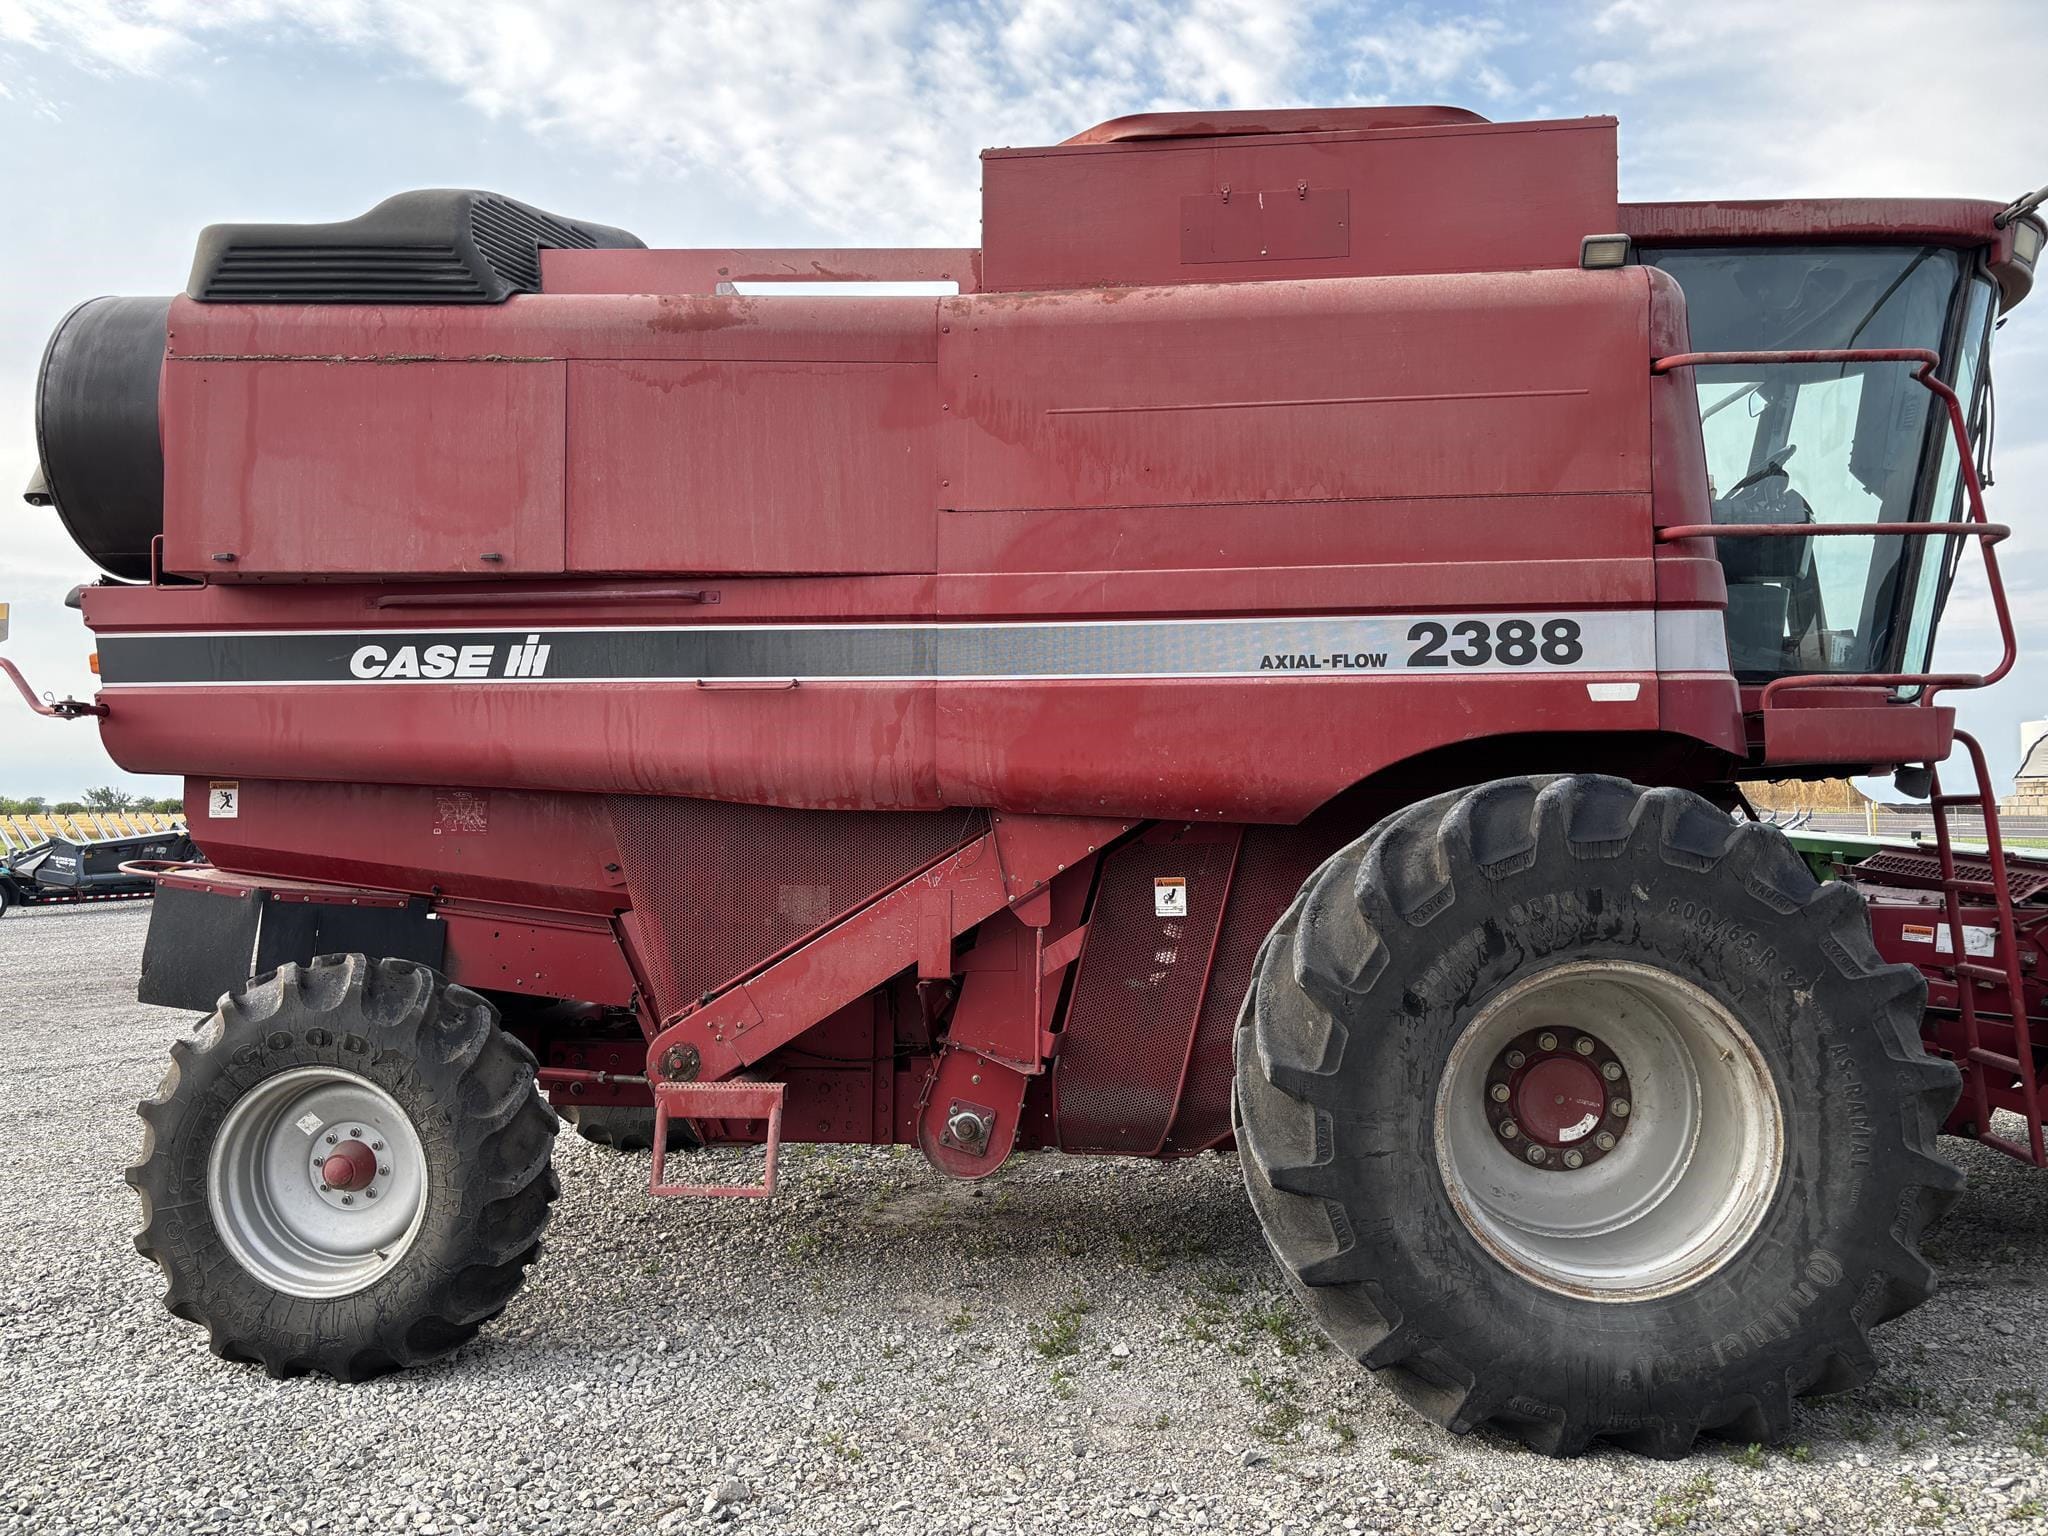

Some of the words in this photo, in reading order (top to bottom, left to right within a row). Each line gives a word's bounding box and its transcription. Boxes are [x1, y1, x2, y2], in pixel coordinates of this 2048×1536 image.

[350, 645, 495, 679] CASE
[1259, 653, 1388, 669] AXIAL-FLOW
[1407, 618, 1583, 667] 2388
[1668, 897, 1759, 949] 800/65
[1757, 946, 1777, 972] R
[1829, 1043, 1872, 1169] AS-RADIAL
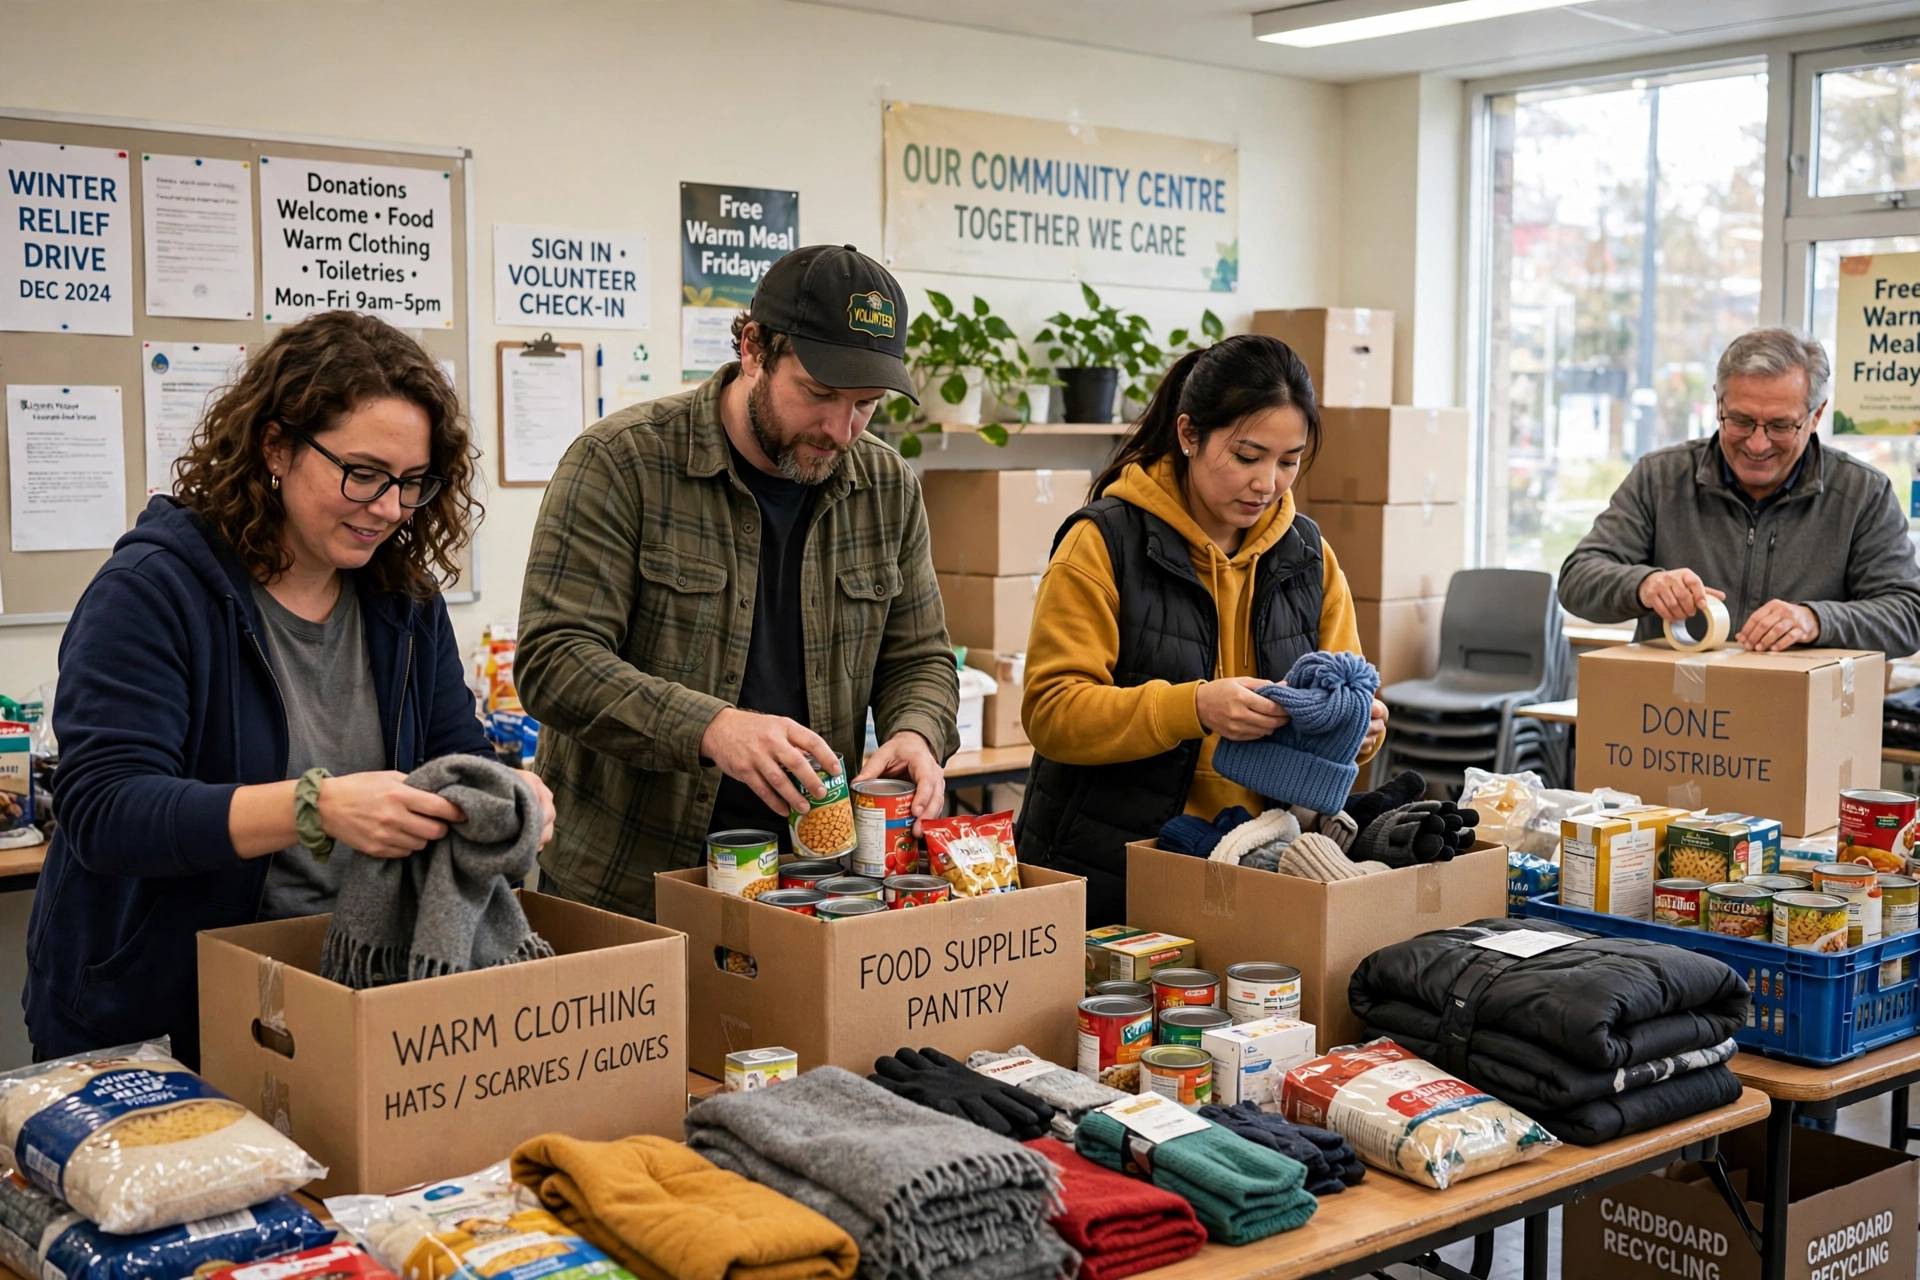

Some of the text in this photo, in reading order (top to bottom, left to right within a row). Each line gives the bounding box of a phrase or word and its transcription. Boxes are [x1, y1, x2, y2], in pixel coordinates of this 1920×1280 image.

[What needs to be done] Restate the listing above word for word, and skip the pictures.

[Solution to the exercise]
Some of the words in this photo, in reading order (top to bottom, left to right within a row). Each line gives a word's bounding box and its transcription. Boxes are [x1, y1, x2, y2], in pixel coordinates of this 2048×1536 image.

[350, 645, 495, 679] CASE
[1259, 653, 1388, 669] AXIAL-FLOW
[1407, 618, 1583, 667] 2388
[1668, 897, 1759, 949] 800/65
[1757, 946, 1777, 972] R
[1829, 1043, 1872, 1169] AS-RADIAL

Some of the text in this photo, in reading order (top to bottom, left to right within a row). Each line gives the bounding box of a phrase or word and its transcription. Boxes are [x1, y1, x2, y2], in pixel coordinates of this 1920×1280 image.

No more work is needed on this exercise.